#### PROVIDED RECORDS

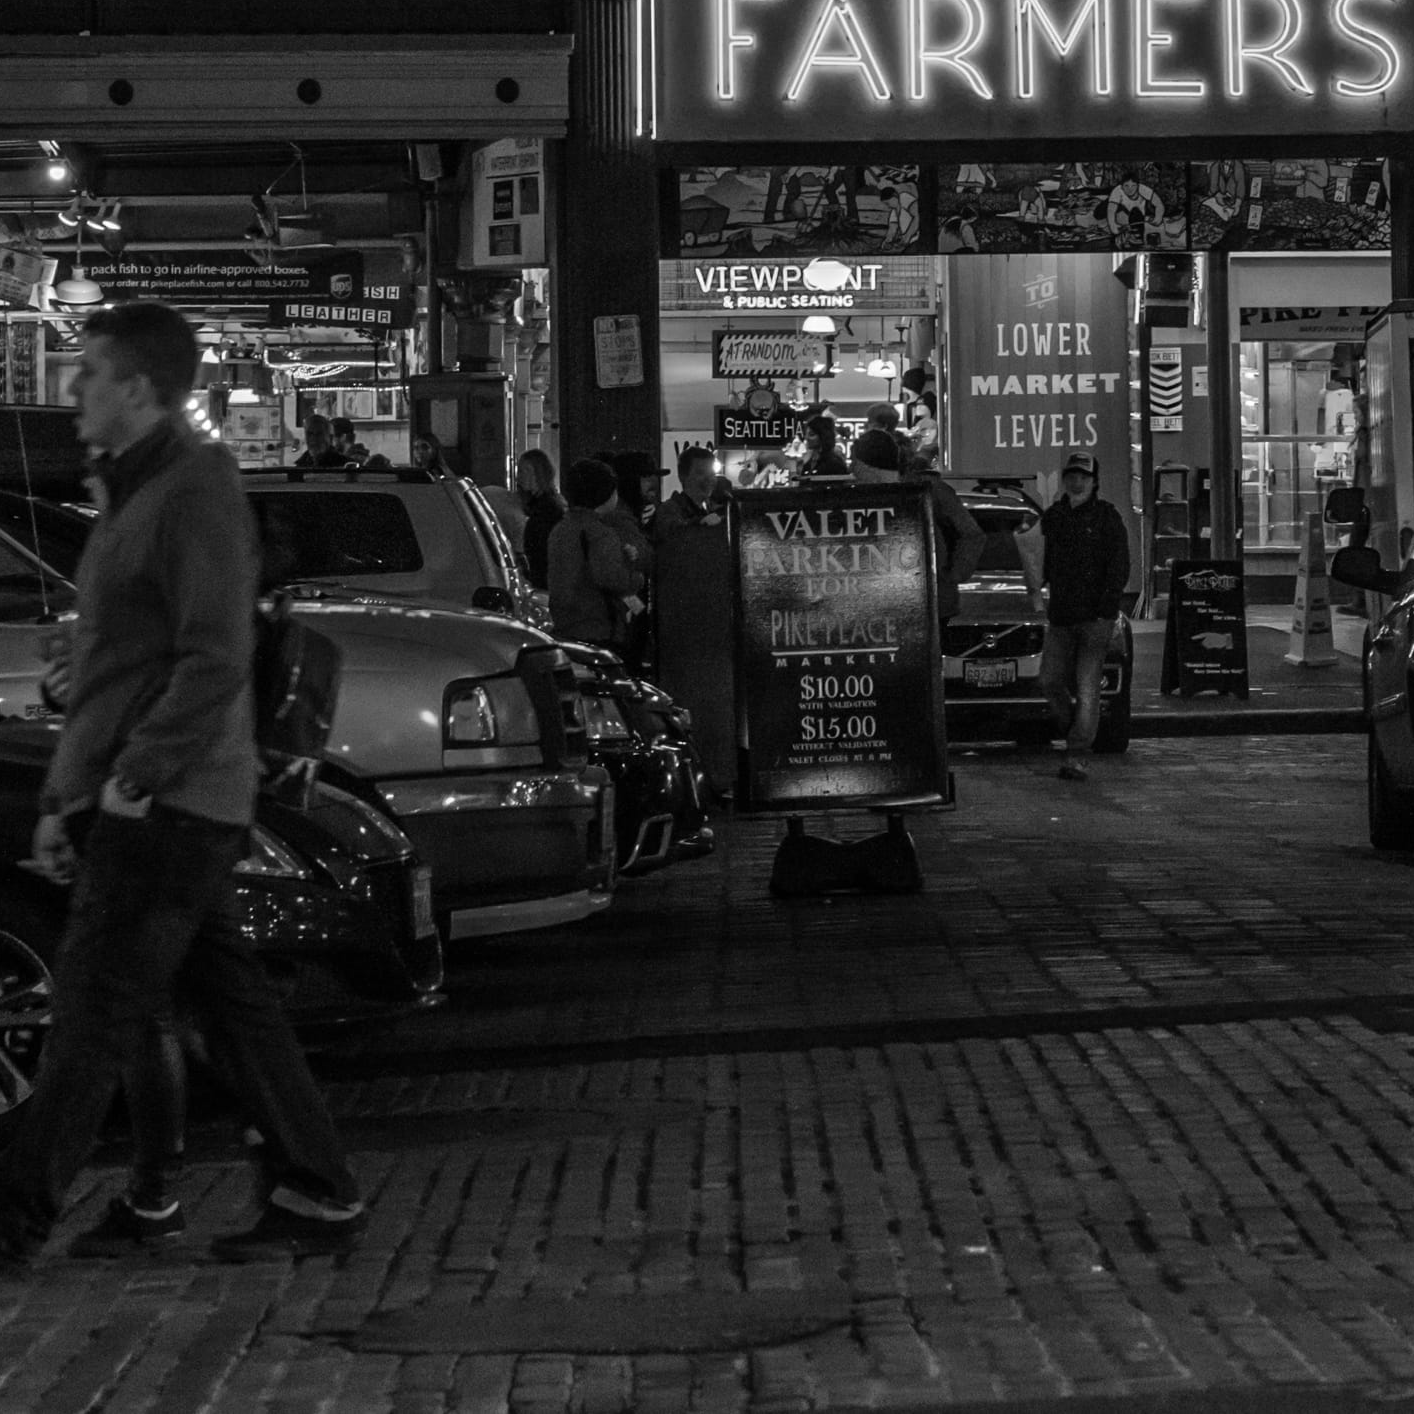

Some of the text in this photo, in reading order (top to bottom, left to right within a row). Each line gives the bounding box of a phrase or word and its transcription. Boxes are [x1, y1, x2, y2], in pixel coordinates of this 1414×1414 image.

[90, 264, 117, 278] pack
[119, 263, 138, 275] fish
[140, 265, 151, 275] to
[154, 267, 169, 278] go
[170, 264, 181, 275] in
[183, 263, 272, 278] airline-approved
[273, 265, 309, 275] boxes.
[694, 264, 883, 293] VIEWPNT
[116, 278, 139, 288] order
[140, 279, 150, 288] at
[237, 278, 253, 288] call
[1025, 280, 1055, 302] TO
[722, 294, 854, 309] & PUBLIC SEATING
[287, 304, 391, 324] LEATHER
[996, 322, 1092, 357] LOWER
[970, 372, 1122, 397] MARKET
[724, 417, 782, 439] SEATTLE
[993, 412, 1099, 448] LEVELS
[764, 507, 896, 540] VALET
[743, 542, 922, 578] PARKING
[804, 576, 861, 598] FOR
[771, 609, 898, 647] PIKE PLACE
[775, 652, 897, 669] MARKET
[799, 674, 874, 701] $10.00
[798, 699, 878, 711] WITH VALIDATION
[800, 715, 877, 742] $15.00
[792, 738, 888, 751] WITHOUT VALIDATION
[788, 755, 814, 765] VALET
[818, 753, 849, 763] CLOSES
[853, 753, 864, 762] AT
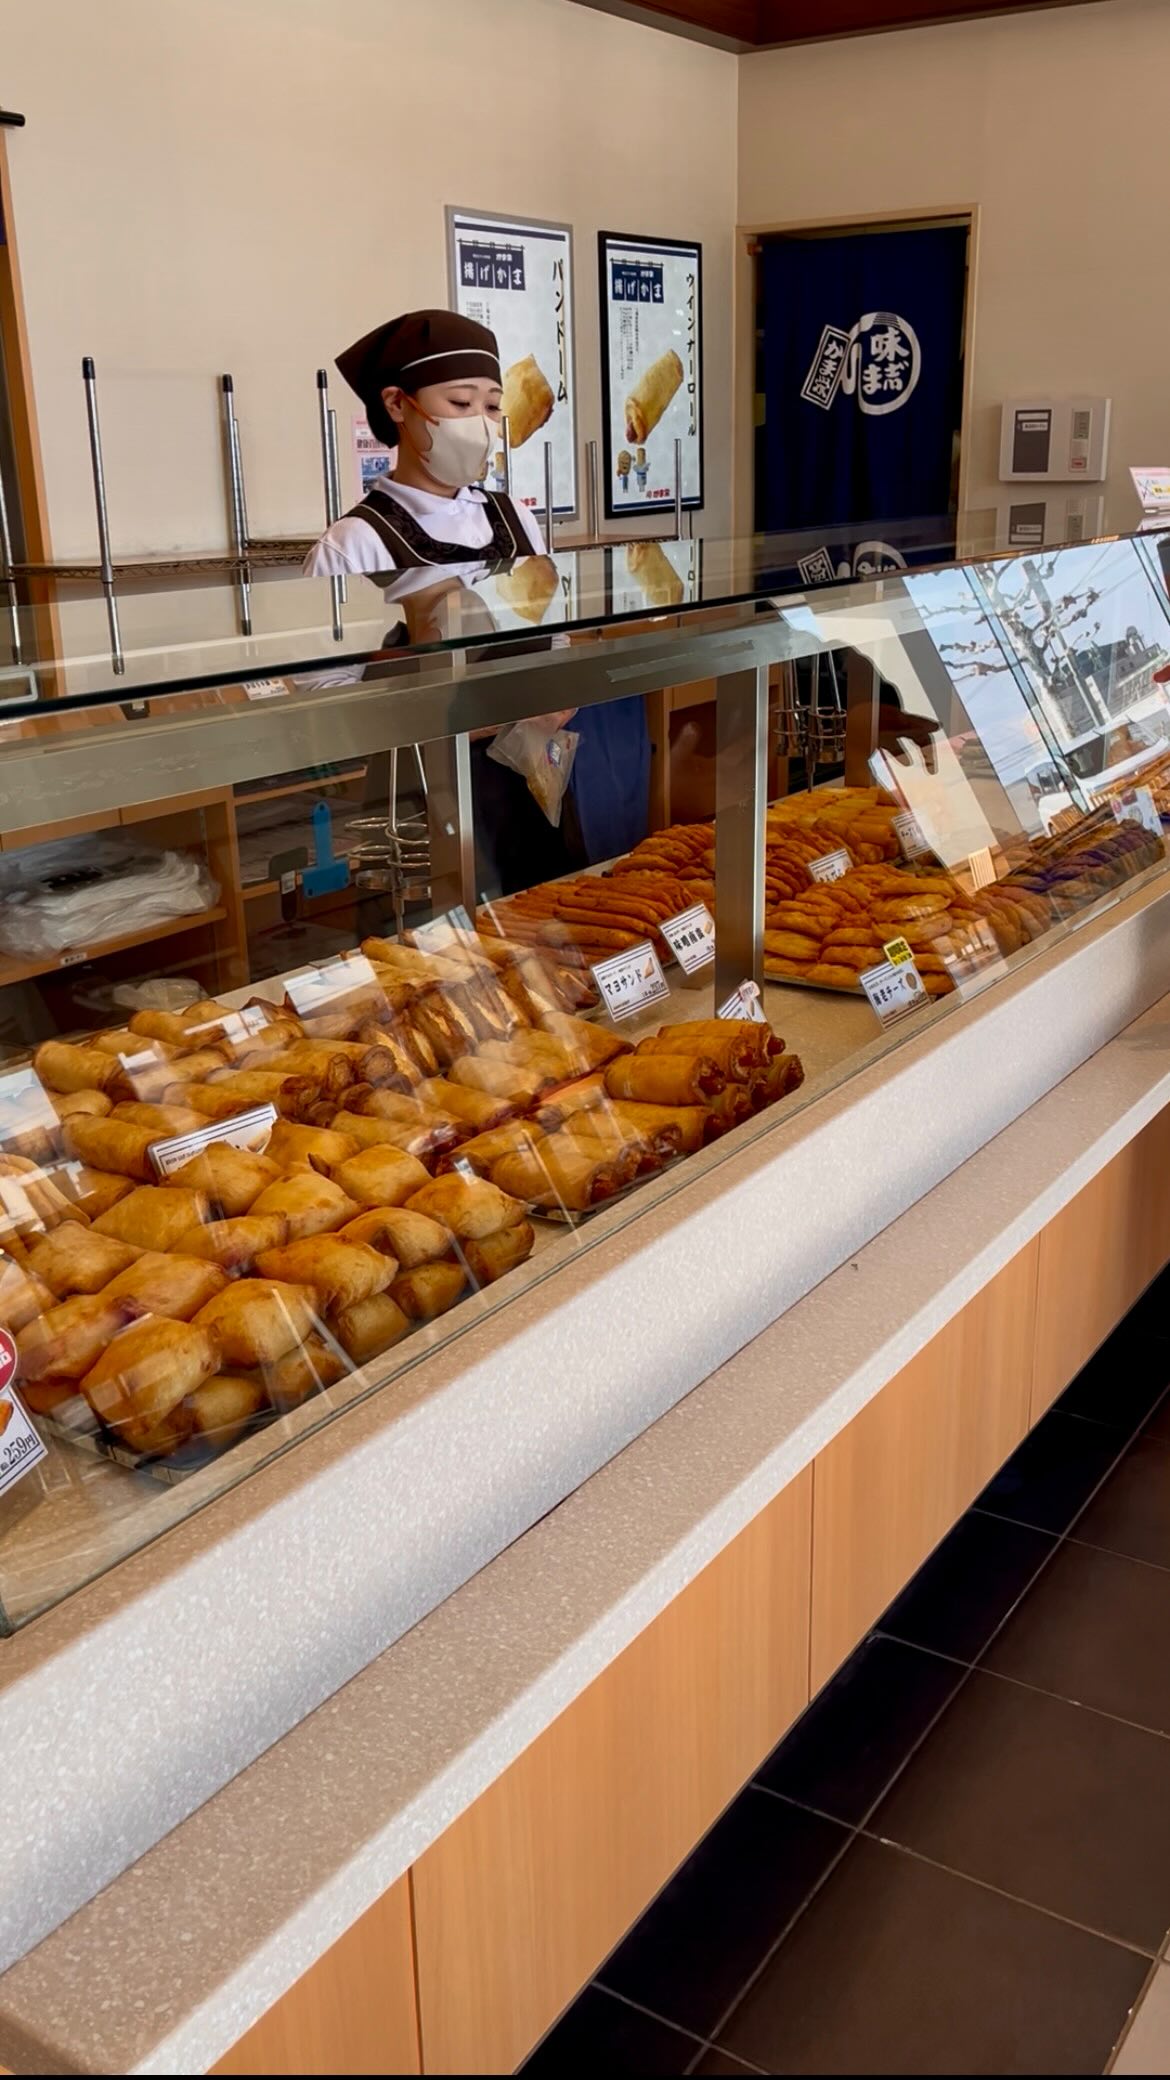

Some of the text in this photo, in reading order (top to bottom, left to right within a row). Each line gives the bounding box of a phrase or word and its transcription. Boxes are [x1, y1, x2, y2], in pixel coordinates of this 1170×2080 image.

########

→ INSTRUCTIONS TO FOLLOW
Reproduce all the records verbatim, excluding images.

→ REPLY TO THE EXERCISE
Some of the text in this photo, in reading order (top to bottom, left to right within a row). Each line gives the bounding box of a phrase or word and its transcription. Boxes are [x1, y1, x2, y2], in pixel coordinates of this 1414×1414 image.

[90, 264, 117, 278] pack
[119, 263, 138, 275] fish
[140, 265, 151, 275] to
[154, 267, 169, 278] go
[170, 264, 181, 275] in
[183, 263, 272, 278] airline-approved
[273, 265, 309, 275] boxes.
[694, 264, 883, 293] VIEWPNT
[116, 278, 139, 288] order
[140, 279, 150, 288] at
[237, 278, 253, 288] call
[1025, 280, 1055, 302] TO
[722, 294, 854, 309] & PUBLIC SEATING
[287, 304, 391, 324] LEATHER
[996, 322, 1092, 357] LOWER
[970, 372, 1122, 397] MARKET
[724, 417, 782, 439] SEATTLE
[993, 412, 1099, 448] LEVELS
[764, 507, 896, 540] VALET
[743, 542, 922, 578] PARKING
[804, 576, 861, 598] FOR
[771, 609, 898, 647] PIKE PLACE
[775, 652, 897, 669] MARKET
[799, 674, 874, 701] $10.00
[798, 699, 878, 711] WITH VALIDATION
[800, 715, 877, 742] $15.00
[792, 738, 888, 751] WITHOUT VALIDATION
[788, 755, 814, 765] VALET
[818, 753, 849, 763] CLOSES
[853, 753, 864, 762] AT

Some of the text in this photo, in reading order (top to bottom, left to right within a row). Each line gives the bounding box of a phrase or word and its transcription. Boxes are [x1, y1, x2, y2], in pixel coordinates of this 1170×2080 image.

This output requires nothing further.